1.Assess the Four Item Fatigue Scale relative to the Brief Fatigue Inventory.2.Be able to see the relationship of the Four Item Fatigue Scale and the ICD-10 criterion for fatigue. Questionnaires for CRF are long & burdensome. A FIFS questionnaire was tested for content validity and sensitivity with the Brief Fatigue Inventory (BFI) and ICD10 criteria. Cancer patients completed BFI & FIFS in random order. FIFS included 4 questions: 1. Do you have fatigue:never, sometimes, usually, or always 2. On a scale of 0–10 (0: no fatigue 10: severe fatigue) how would you rate fatigue now 3. What is the level of your fatigue now: none, mild, moderate, severe 4. Is your fatigue over the last day: worse, the same, better. ICD10 criteria were completed by investigators. 1 week later, both tools were completed in opposite order. 65 patients were needed for 80% power for Pearson's correlation of 0.7. Bonferroni corrections were made for multiple variables; P < 0.0035 was significant. 65 completed ICD-10, BFI & FIFS days 1 & 7. Spearman correlation was 0.7 (0.52–0.88) day 1, 0.73 (0.55 0.91) day 7;0.59 (0.38–0.80) for change over time.
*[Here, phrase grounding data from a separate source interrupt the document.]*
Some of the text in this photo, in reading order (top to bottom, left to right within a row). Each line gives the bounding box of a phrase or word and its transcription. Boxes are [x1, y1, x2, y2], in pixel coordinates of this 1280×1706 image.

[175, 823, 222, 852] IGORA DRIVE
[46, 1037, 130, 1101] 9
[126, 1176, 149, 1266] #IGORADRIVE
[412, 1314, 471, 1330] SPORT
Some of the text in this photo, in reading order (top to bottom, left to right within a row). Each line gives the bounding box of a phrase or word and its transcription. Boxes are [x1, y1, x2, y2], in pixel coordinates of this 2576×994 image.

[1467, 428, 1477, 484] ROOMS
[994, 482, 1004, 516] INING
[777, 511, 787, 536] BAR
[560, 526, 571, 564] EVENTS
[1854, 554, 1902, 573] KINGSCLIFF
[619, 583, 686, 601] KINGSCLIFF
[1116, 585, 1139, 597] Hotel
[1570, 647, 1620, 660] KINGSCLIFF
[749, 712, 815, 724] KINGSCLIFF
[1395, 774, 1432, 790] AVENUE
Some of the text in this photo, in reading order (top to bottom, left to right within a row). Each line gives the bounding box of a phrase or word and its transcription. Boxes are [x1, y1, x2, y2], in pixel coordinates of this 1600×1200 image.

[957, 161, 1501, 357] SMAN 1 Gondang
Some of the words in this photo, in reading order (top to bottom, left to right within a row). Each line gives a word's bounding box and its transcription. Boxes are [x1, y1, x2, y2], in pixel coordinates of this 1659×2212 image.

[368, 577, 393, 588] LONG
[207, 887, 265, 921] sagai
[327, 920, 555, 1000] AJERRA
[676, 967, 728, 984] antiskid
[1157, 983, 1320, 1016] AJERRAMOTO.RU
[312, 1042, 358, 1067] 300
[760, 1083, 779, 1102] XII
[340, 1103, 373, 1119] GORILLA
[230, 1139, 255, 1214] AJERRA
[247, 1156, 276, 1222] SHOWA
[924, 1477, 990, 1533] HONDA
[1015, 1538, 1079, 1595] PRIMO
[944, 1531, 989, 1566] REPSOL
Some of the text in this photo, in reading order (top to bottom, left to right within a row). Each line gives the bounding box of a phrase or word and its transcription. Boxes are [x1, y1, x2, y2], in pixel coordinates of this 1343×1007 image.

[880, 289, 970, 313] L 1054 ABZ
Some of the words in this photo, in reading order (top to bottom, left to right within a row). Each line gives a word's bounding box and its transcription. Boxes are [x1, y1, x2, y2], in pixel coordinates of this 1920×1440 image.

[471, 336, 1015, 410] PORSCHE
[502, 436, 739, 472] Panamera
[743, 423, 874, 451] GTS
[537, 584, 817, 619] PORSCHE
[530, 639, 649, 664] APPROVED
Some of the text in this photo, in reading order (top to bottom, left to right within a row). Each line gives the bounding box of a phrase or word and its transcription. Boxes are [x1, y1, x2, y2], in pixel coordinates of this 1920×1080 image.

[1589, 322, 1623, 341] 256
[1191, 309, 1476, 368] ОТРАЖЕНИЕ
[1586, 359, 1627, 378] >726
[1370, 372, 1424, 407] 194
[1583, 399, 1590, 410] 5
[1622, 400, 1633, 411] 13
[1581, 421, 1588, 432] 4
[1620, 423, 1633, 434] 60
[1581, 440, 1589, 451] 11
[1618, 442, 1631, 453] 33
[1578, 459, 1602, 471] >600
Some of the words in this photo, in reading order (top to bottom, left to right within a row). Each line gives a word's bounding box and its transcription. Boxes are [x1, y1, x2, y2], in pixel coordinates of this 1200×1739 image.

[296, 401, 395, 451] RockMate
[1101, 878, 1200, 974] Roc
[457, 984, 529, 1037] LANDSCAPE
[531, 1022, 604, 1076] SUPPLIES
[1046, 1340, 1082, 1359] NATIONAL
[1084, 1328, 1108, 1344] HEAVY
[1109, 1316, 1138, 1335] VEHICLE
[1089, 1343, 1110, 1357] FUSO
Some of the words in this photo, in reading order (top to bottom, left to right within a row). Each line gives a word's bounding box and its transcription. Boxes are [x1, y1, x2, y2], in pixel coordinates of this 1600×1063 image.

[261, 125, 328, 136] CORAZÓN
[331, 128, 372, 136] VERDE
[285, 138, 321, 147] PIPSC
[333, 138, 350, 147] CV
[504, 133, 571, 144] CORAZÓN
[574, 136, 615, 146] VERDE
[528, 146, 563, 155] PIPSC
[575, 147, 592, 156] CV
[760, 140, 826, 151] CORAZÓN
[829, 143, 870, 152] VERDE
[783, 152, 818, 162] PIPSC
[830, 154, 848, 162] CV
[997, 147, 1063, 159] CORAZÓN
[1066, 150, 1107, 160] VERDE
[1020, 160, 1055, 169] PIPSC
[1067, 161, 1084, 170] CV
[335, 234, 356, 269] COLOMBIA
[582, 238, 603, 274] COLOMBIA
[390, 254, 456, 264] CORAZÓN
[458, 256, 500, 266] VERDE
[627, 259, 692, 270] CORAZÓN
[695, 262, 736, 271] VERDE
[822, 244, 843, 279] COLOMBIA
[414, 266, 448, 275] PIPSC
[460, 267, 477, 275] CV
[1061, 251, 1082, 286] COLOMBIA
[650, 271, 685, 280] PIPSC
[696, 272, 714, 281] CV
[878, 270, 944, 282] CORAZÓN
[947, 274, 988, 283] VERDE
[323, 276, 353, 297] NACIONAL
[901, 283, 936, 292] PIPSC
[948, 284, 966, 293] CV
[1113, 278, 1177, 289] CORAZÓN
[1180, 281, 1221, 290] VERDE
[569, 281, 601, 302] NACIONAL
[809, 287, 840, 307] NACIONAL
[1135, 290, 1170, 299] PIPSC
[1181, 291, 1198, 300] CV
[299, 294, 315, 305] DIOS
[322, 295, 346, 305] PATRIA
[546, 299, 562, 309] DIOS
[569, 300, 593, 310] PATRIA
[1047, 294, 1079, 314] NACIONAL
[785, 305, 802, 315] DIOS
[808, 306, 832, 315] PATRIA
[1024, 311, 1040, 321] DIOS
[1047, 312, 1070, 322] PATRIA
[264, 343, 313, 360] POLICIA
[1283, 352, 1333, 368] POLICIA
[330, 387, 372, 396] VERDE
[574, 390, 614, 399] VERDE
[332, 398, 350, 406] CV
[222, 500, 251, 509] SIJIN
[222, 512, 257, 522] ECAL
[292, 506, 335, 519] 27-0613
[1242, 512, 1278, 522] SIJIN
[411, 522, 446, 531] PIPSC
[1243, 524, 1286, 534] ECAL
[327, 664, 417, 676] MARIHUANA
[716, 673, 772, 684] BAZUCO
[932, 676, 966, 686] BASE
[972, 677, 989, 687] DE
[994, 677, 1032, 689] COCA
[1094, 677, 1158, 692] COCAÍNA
BFI score correlated with ICD10-1, 3, 7, 10B.BFI regression analysis on day 7 correlated with ICD10-1, ICD10-7 & ICD10-10 (P = 0.024, 0.026, 0.045 respectively), these disappear when adjusted for BFI on day 1 (P = 0.10, 0.99, 0.12 respectively). For changes in BFI from day 1 to 7, only ICD10-5 criteria was significant (P = 0.019) & drops out of the model when adjusted for day 1. For FIFS, ICD10-7 (P = 0.003) & ICD10-10 (P = 0.04) were significant & persisted after adjustment for baseline FIFS scores. Several ICD10 factors were heavily represented (A, 1, 3, 8, B, C). FIFS & BFI correlated well in time & modestly over time. FIFS is valid for CRF. Certain ICD-10 items better predict fatigue severity.